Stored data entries
☆ ☆ ☆ ☆
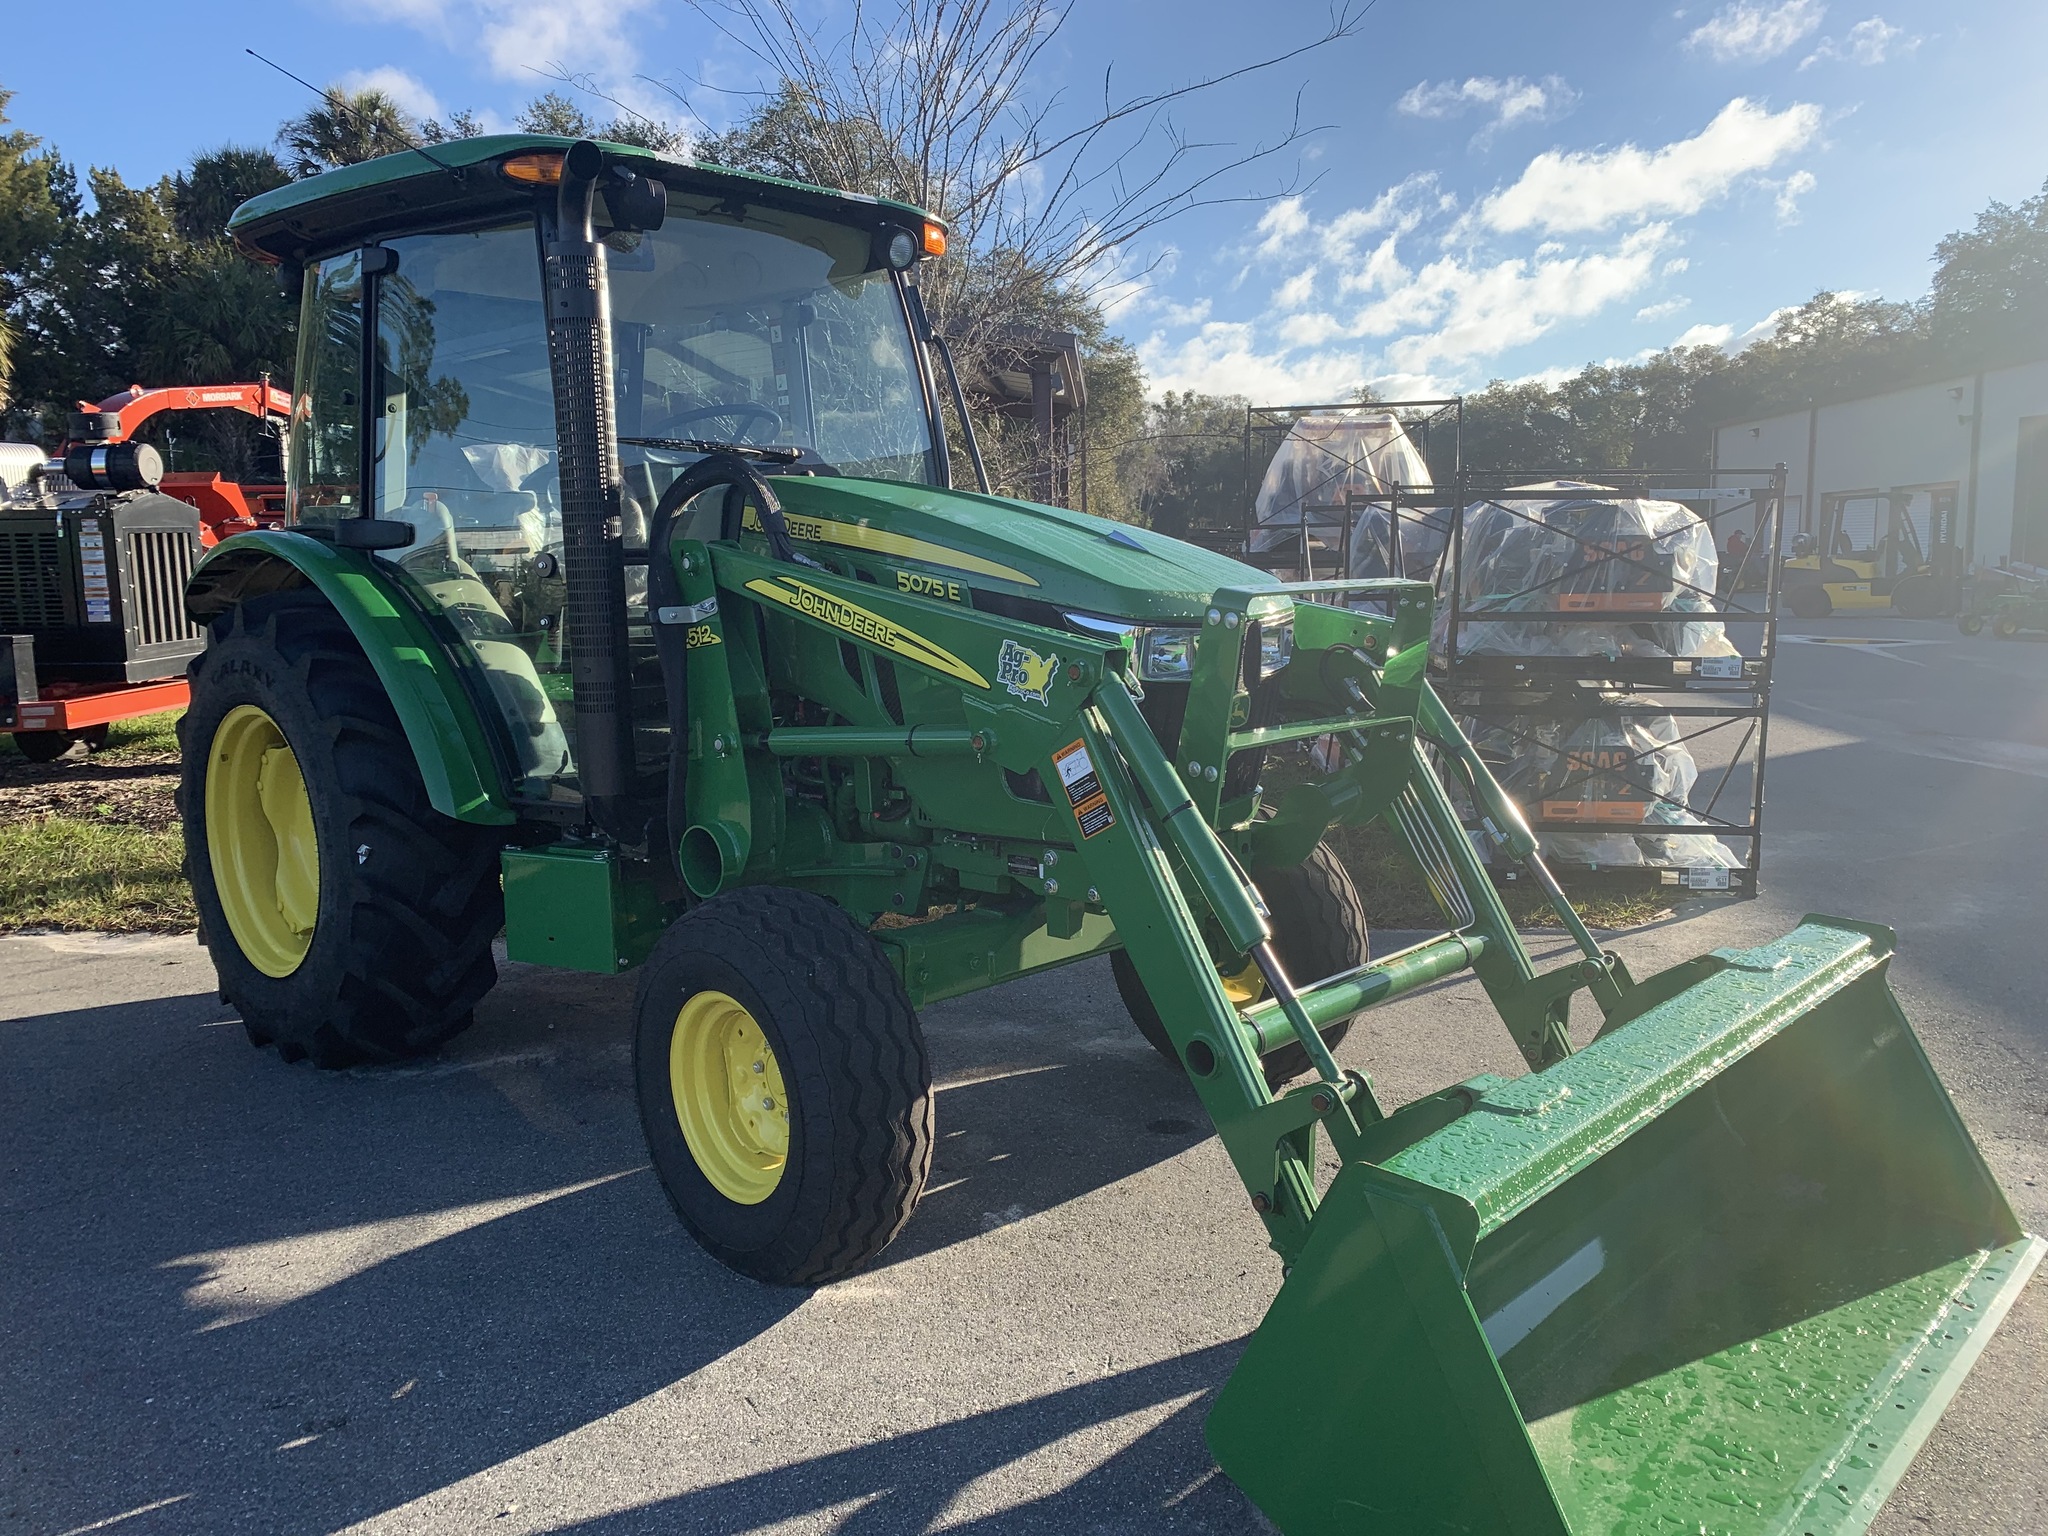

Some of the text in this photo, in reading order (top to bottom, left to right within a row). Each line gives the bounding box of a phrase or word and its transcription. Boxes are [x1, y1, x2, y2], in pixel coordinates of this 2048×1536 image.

[202, 391, 243, 402] MORBARK
[1939, 510, 1949, 544] HYUNDAI
[896, 570, 961, 602] 5075 E
[790, 586, 897, 646] JOHN DEERE
[687, 624, 712, 647] 512
[1002, 643, 1030, 668] Ag-
[1000, 661, 1029, 684] Pro
[1061, 742, 1081, 757] WARNING
[1083, 797, 1104, 812] WARNING
☆ ☆ ☆ ☆
=== Task to carry out ===
Transcribe each entry exactly, pictures excluded.

=== Exercise response ===
Some of the text in this photo, in reading order (top to bottom, left to right within a row). Each line gives the bounding box of a phrase or word and its transcription. Boxes are [x1, y1, x2, y2], in pixel coordinates of this 2048×1536 image.

[202, 391, 243, 402] MORBARK
[1939, 510, 1949, 544] HYUNDAI
[896, 570, 961, 602] 5075 E
[790, 586, 897, 646] JOHN DEERE
[687, 624, 712, 647] 512
[1002, 643, 1030, 668] Ag-
[1000, 661, 1029, 684] Pro
[1061, 742, 1081, 757] WARNING
[1083, 797, 1104, 812] WARNING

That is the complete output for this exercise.